Technology Policies in Japan: 1990 to the Present
University of Tokyo
University of Tokyo and Research Institute of Economy, Trade and Industry (RIETI)
The purpose of this paper is to review Japan’s technology policies and their relation to economic conditions during the 1990s and the first half of the 2000s. After the collapse of the so-called bubble economy in 1992, the Japanese economy went into a long and severe recession, which lasted more than a decade. As shown in the Figure 1, in contrast to the booming 1980s, the 1990s was really a “lost decade.”1
The seemingly obvious cause of this prolonged stagnation was the excess capacity built up during the boom years of 1980s and the resulting sharp decline of investments in plants and equipments in the 1990s,2 which led to a steep decline in asset prices and to loan defaults. However, the “real side of the economy” may also be responsible. According to Hayashi and Prescott (2002), the real cause of the lost decade was the decline of productivity.3 Other researchers confirmed that
productivity did decline to some degree in the 1990s and that this decline was greater than one would expect even in years of low economic growth.
The natural question concerns why productivity declined in the 1990s and several experts have proposed answers. One possible cause is the misallocation of resources, or “unnatural selection”4; efficient firms exited while inefficient firms, or “zombies,” remained with the help of government and the banks, which wanted to prevent bankruptcies. Peck, Levin, and Goto (1988) show that this has happened in the past.

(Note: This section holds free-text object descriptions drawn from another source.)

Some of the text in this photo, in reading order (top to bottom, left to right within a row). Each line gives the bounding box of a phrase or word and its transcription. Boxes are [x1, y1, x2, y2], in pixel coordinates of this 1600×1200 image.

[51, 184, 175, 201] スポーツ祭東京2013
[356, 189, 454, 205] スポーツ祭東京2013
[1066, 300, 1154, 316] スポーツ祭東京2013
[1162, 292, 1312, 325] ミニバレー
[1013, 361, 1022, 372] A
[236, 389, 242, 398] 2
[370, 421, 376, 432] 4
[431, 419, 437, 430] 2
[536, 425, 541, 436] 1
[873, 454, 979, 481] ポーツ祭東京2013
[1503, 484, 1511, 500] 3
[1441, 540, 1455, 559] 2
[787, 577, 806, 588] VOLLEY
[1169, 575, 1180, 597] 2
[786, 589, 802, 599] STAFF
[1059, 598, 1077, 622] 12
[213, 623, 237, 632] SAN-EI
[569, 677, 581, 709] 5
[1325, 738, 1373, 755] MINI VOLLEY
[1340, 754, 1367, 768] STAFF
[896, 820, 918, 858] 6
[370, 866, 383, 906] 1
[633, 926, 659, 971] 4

Another popular explanation, held mostly by management theorists, business people, and policy makers, is the reduced technological capability of the Japanese firms.5 They contend that still-high R&D expenditures in the 1990s seem not to have produced the new products and processes that would have generated profits. The large market share once held by technology-intensive Japanese industries
such as semiconductors and semiconductor manufacturing equipment industries eroded significantly, and Japan was not able to keep pace with the United States in the newly emerging high technology industries such as biotechnology and information technology. These analysts believe that something seems to have gone wrong with Japan’s once-successful innovation system.
An assessment of the state and effect of Japan’s innovative capability is beyond the scope of this paper,6 but the data in Figures 2, 3, 4 and 5, suggest that there was no significant drop in R&D activities in the 1990s. The amount of R&D expenditure and the number of patents remained high in the 1990s. The exports of technology actually increased sharply in the latter 1990s, probably reflecting the increased outward foreign direct investments, and Japanese scientists increased their output of highly cited papers beginning the late 1990s.

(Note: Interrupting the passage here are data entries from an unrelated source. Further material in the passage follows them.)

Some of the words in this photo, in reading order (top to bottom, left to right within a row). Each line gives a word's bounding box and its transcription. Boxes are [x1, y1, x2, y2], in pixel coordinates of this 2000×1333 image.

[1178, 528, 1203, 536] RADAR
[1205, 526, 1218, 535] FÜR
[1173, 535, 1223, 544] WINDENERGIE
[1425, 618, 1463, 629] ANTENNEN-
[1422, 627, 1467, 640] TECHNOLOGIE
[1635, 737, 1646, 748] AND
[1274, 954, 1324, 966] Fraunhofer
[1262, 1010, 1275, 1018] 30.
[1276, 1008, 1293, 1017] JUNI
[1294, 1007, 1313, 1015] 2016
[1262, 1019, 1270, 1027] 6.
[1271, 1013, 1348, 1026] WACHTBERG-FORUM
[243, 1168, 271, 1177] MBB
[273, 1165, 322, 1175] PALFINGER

Still, some argue that there may be a mismatch between Japan’s innovation system, which worked well for large manufacturing firms in industries such as automobiles and electric appliances. And the new requirements of biotechnology and information technology, where small startups and universities play a larger role.7 This might be a part of a larger and more long-term problem: how to design a “post-catch-up” innovation system in Japan.

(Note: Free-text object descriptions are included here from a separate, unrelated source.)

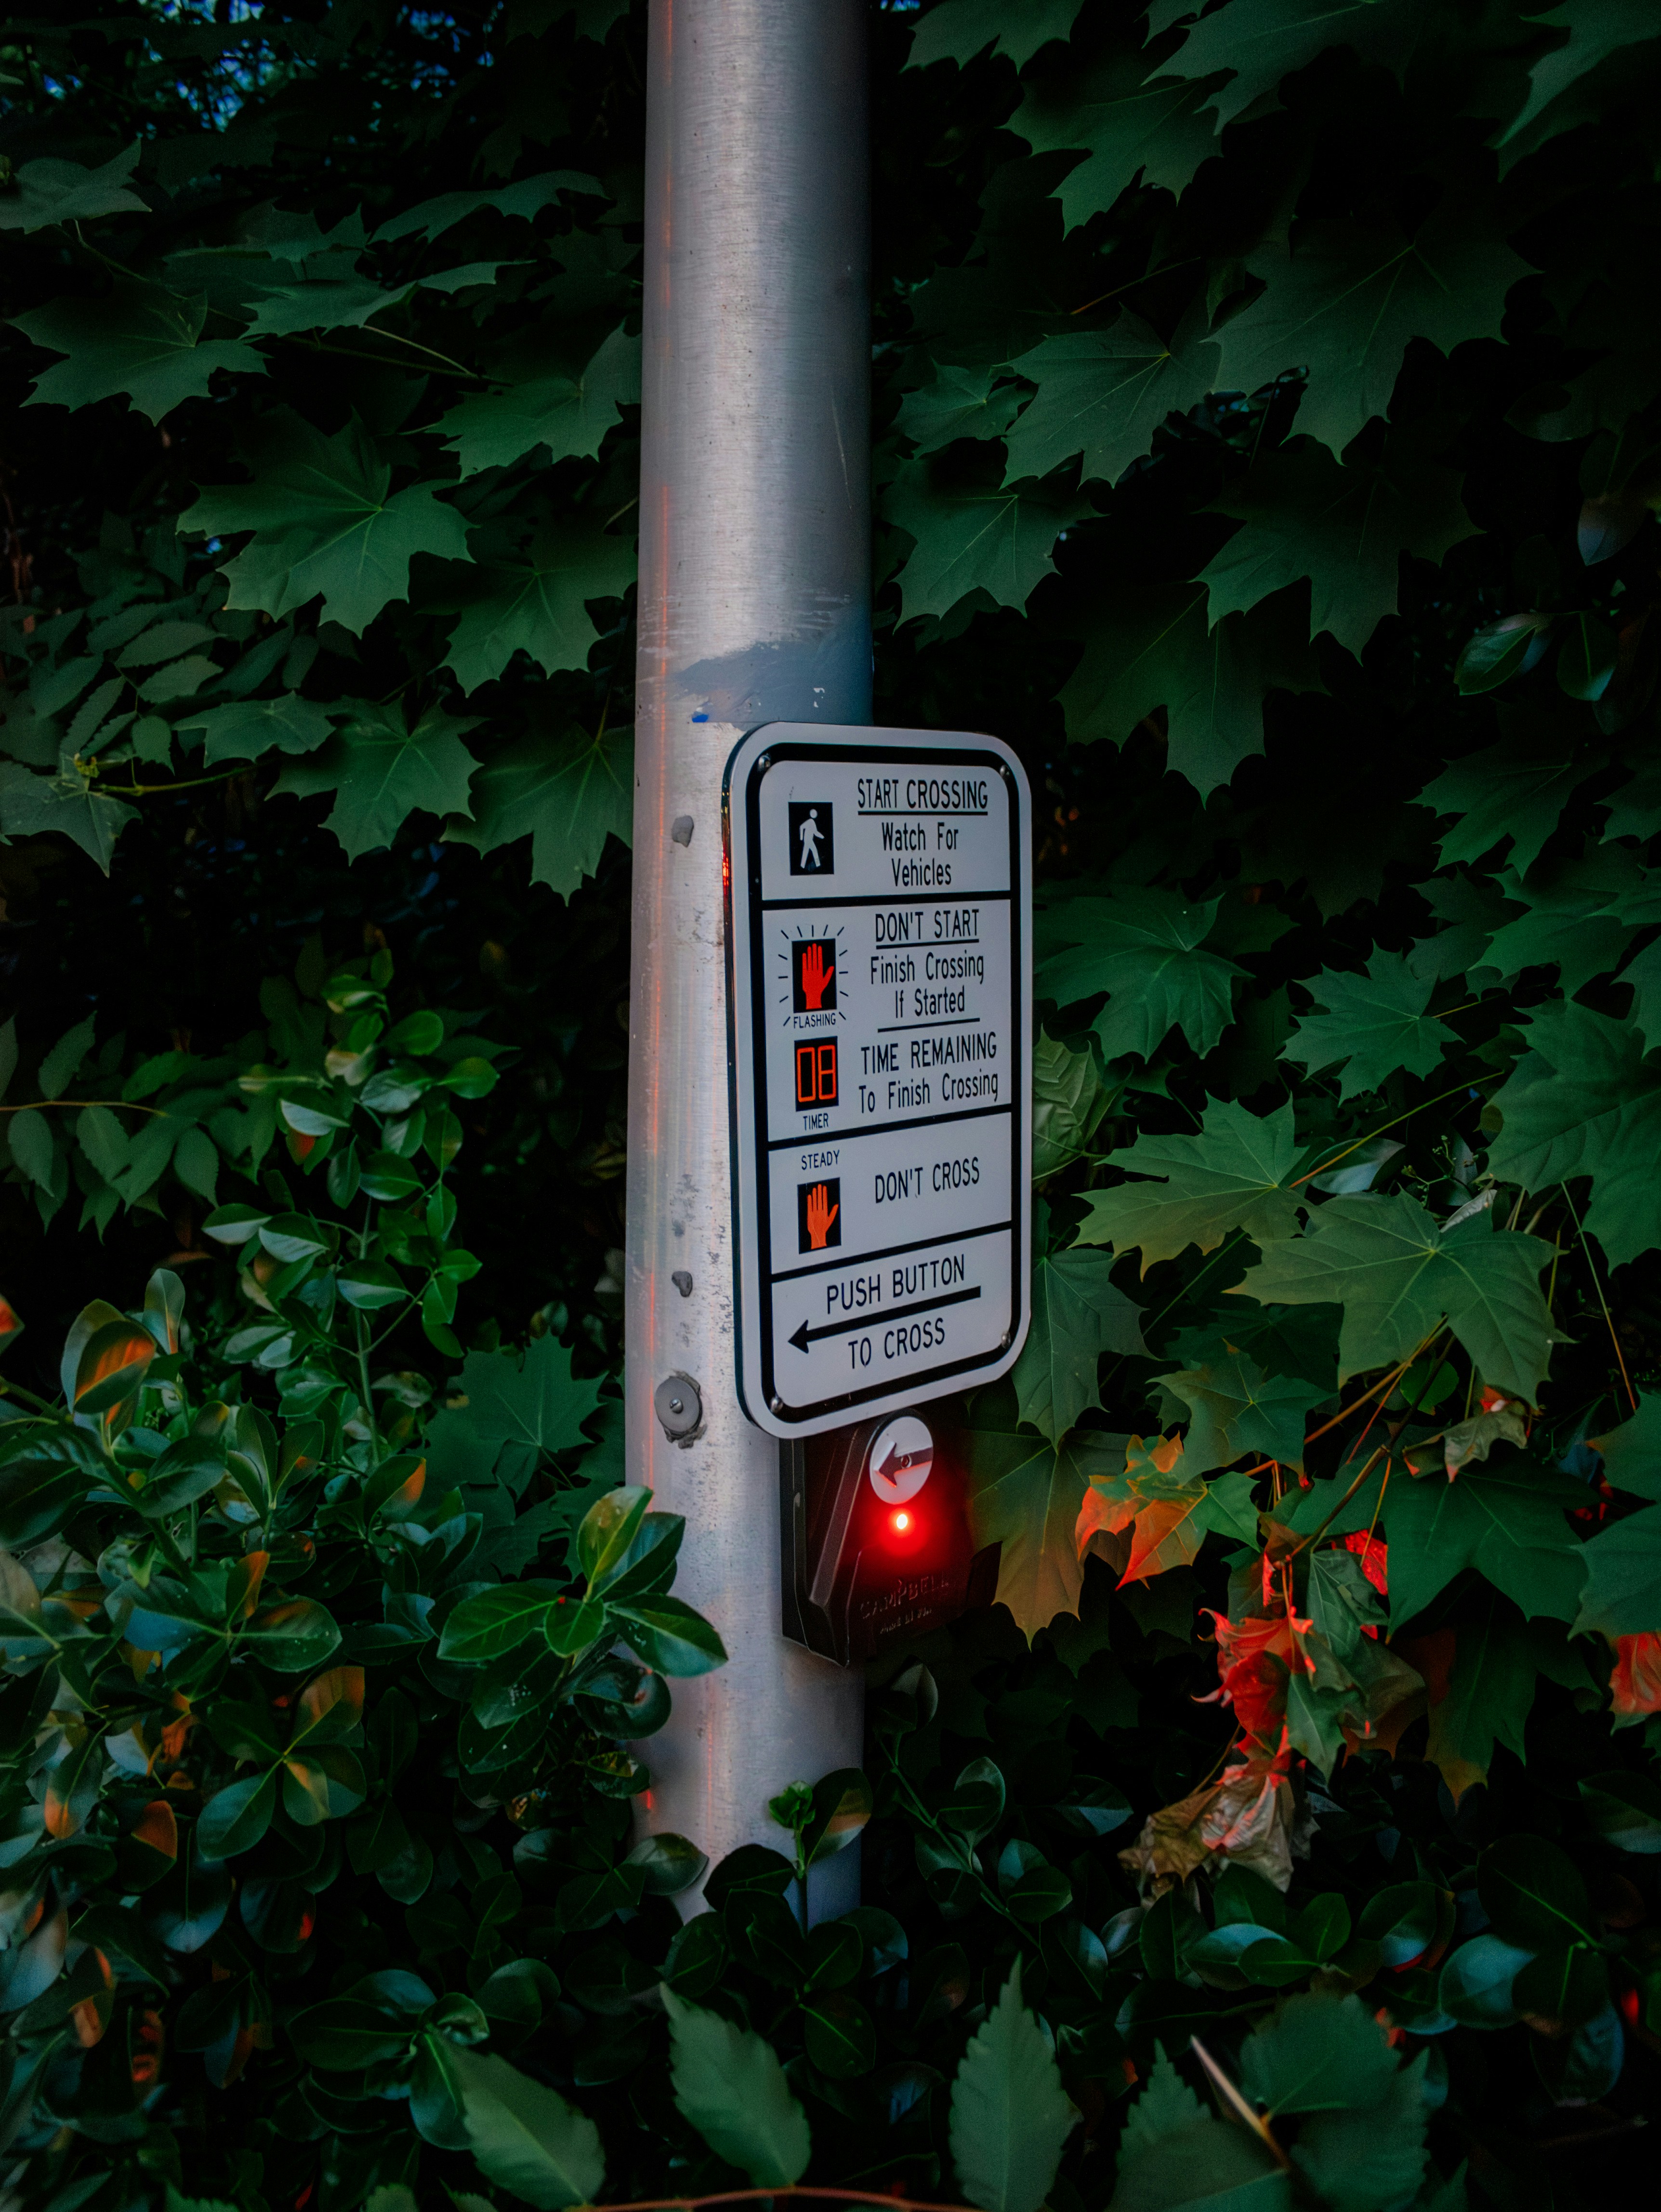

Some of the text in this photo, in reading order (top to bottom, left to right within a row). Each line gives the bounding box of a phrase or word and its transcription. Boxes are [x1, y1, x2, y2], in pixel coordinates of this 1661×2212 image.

[857, 778, 988, 809] START CROSSING
[881, 822, 959, 852] Watch For
[891, 857, 952, 887] Vehicles
[875, 908, 980, 942] DON'T START
[870, 949, 984, 985] Finish Crossing
[895, 984, 965, 1019] If Started
[793, 1013, 836, 1029] FLASHING
[860, 1031, 997, 1075] TIME REMAINING
[797, 1045, 836, 1103] 08
[858, 1068, 999, 1114] To Finish Crossing
[803, 1113, 829, 1131] TIMER
[801, 1149, 840, 1171] STEADY
[875, 1157, 980, 1203] DON'T CROSS
[827, 1254, 964, 1315] PUSH BUTTON
[848, 1318, 945, 1369] TO CROSS

Our aim is to provide an overview of how Japanese technology policy responded to the economic and technological challenges described above. It will examine Japan’s new framework of technology policymaking, government R&D programs, the R&D tax credit, technology policy toward small and medium enterprises (SMEs), and efforts to promote links between university and government labs and industry.
REVIEW OF TECHNOLOGY POLICIES
New Framework of S&T Policymaking
In 1995, Japan enacted the “Basic Law on Science and Technology,” under which the government’s Council for Science and Technology Policy develops the 5-year Science and Technology Basic Plan. The first Plan covered 1996-2000, and two additional plans have followed.
Under the first Basic Plan, government spent 17 trillion yen on science and technology during the 1996-2000 period. The Second Plan (2001-2005) called for spending 24 trillion yen, and Third Plan (2006-2010) predicts that the government will spend 25 trillion yen.
All these new policy frameworks and actual policy planning reflect the strong commitment of the government to science and technology. The feeling is generally shared by the business community and the public, as science and technology are considered the only way for resource-poor Japan to maintain its high standard of living with a rapidly aging and eventually declining population and the challenges from other Asian countries, notably China.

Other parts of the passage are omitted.